Me siento en la orilla de mi cama sin apartar la vista de cada línea y de cada dibujo plasmado.

Río como boba al leer todas las tonterías que mi mejor amigo y yo escribimos el día que nos volvimos inseparables.

En aquella ocasión, ambos quedamos de juntarnos con algunos de nuestros compañeros de primaria para ir a lo que conocíamos como «la casa embrujada de los Duncan». Hasta el día de hoy, sigo creyendo que ese sitio está poseído.

El caso es que aquel día éramos alrededor de ocho niños husmeando en donde se suponía que —por órdenes de la policía— nadie debía traspasar.

Todos, menos mi amigo, moríamos de miedo.

Al escuchar un ruido extraño proveniente del sótano, seis de los chiquillos salieron corriendo despavoridos y uno de ellos cerró la puerta.

Como consecuencia, mi amigo y yo nos quedamos atrapados en la tenebrosa casa abandonada.

Pese a mis súplicas, el valentón se acercó a la puerta del sótano y comenzó a reír, ya que el ruido que todos habíamos escuchado fue causado por una bandada de ratas que anidaban dentro de una vieja secadora oxidada.

Resultó que el chillido de los roedores dentro de las paredes de metal sumando el eco del espacio vacío, fue suficiente detonante para los corazones de siete gatos asustadizos que no pudieron con el suspenso de estar en el sitio de origen de tantas leyendas y rumores.

No habían pasado ni dos horas desde que nos quedamos encerrados, cuando mi mejor amigo se quedó dormido repentinamente.

En aquel entonces yo ignoraba la causa de su desorden de sueño.

Ya lo había visto dormir en clase y la profesora nunca lo regañaba porque decía que era algo justificado. A mis compañeros y a mí no se nos había explicado nada concreto, sólo que él estaba enfermo.

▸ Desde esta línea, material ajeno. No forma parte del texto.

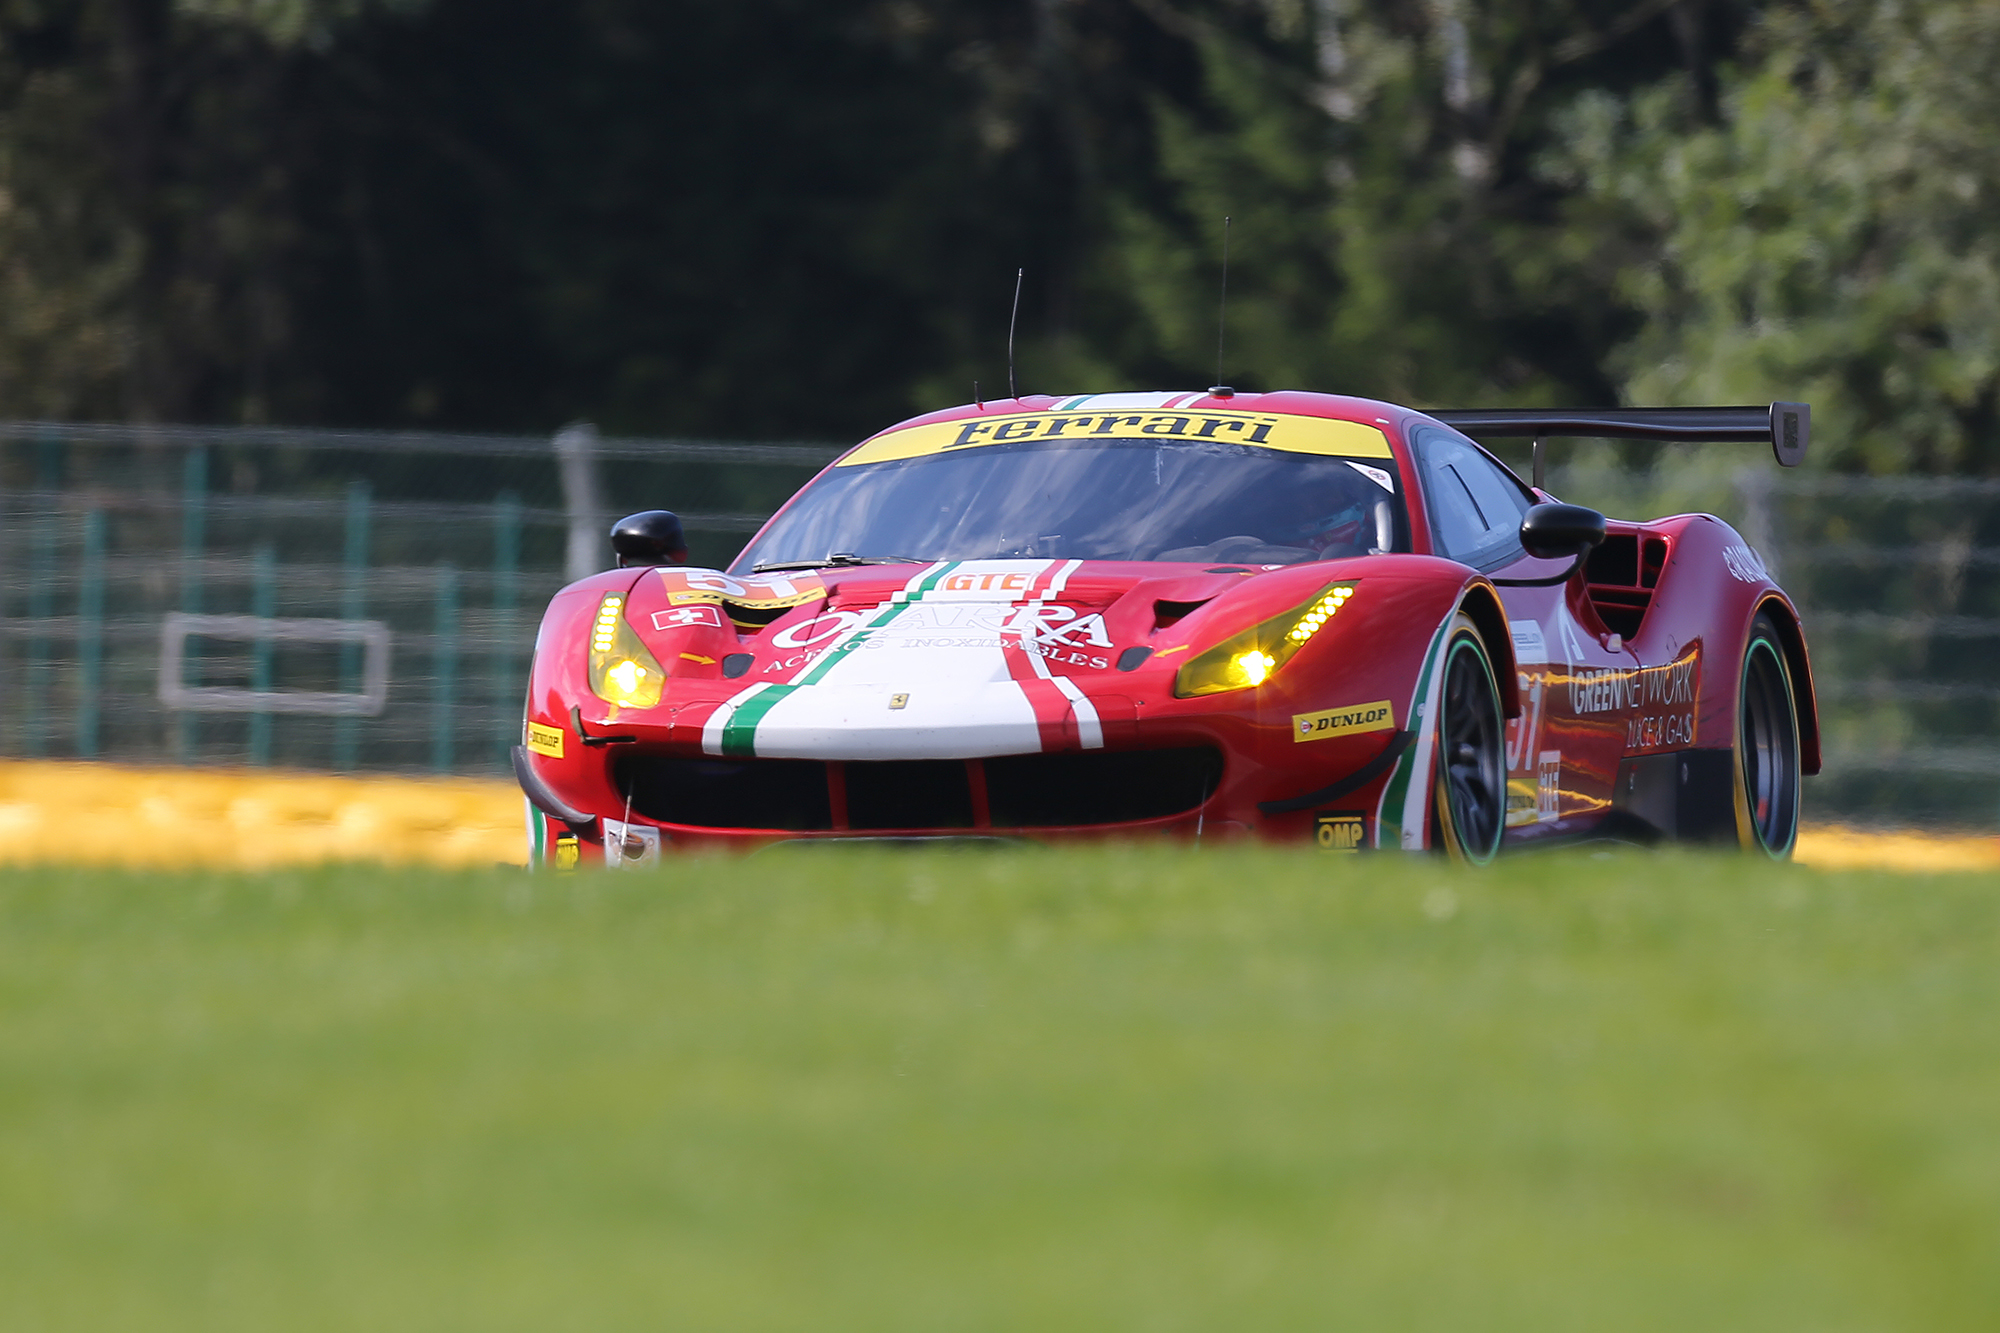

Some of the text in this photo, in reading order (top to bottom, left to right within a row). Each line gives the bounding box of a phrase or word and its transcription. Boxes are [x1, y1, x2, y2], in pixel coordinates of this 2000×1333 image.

Desde que noté que a cierta hora se quedaba dormido, comencé a darme la tarea de permanecer a su lado y cuidar de que nadie se acercara intentando mancharle la cara. No estaba dispuesta a permitir que alguien le jugara una mala broma.

Me quité el suéter amarillo que llevaba puesto sobre mi mono azul —dado que adoraba vestir así—, y me senté en las sucias, podridas, y frías baldosas para atraerlo hacia mí y así servirle de apoyo para que no cayera. Coloqué su cabeza en mi hombro, y lo abrigué.

Pasadas algunas horas, él despertó con el ruido que hacían los bomberos tratando de tumbar la obstinada puerta que se había atorado de tal manera, que una llave maestra o serrucho no fue suficiente.

El padre de mi amigo fue el primero en entrar a la casa apresuradamente, pese a las muchas advertencias que los bomberos le hacían sobre lo deteriorado que estaba el sitio y que cualquier paso en falso podría ser fatal.

Mis padres no estaban en casa a esas horas porque ambos trabajaban en las afueras de la ciudad, de modo que nadie llegó por mí.

El enorme hombre de bigote blanco y melena rubia tomó el somnoliento niño en sus brazos y pronto lo envolvió en una manta térmica que se le fue dada.

Lo escuché dándole gracias al cielo porque su hijo estaba bien. Sentí alegría.

Uno de los bomberos me tomó de la mano a mí para ayudarme a levantarme, pero para mi desgracia, me oriné encima tan pronto como me puse de pie.

Experimenté unas horribles ganas de llorar a causa de la vergüenza.

Me había aguantado por mucho, y al final ya no pude seguir reteniendo el líquido por más tiempo así que, esta es la parte del pis derramado en el momento menos indicado.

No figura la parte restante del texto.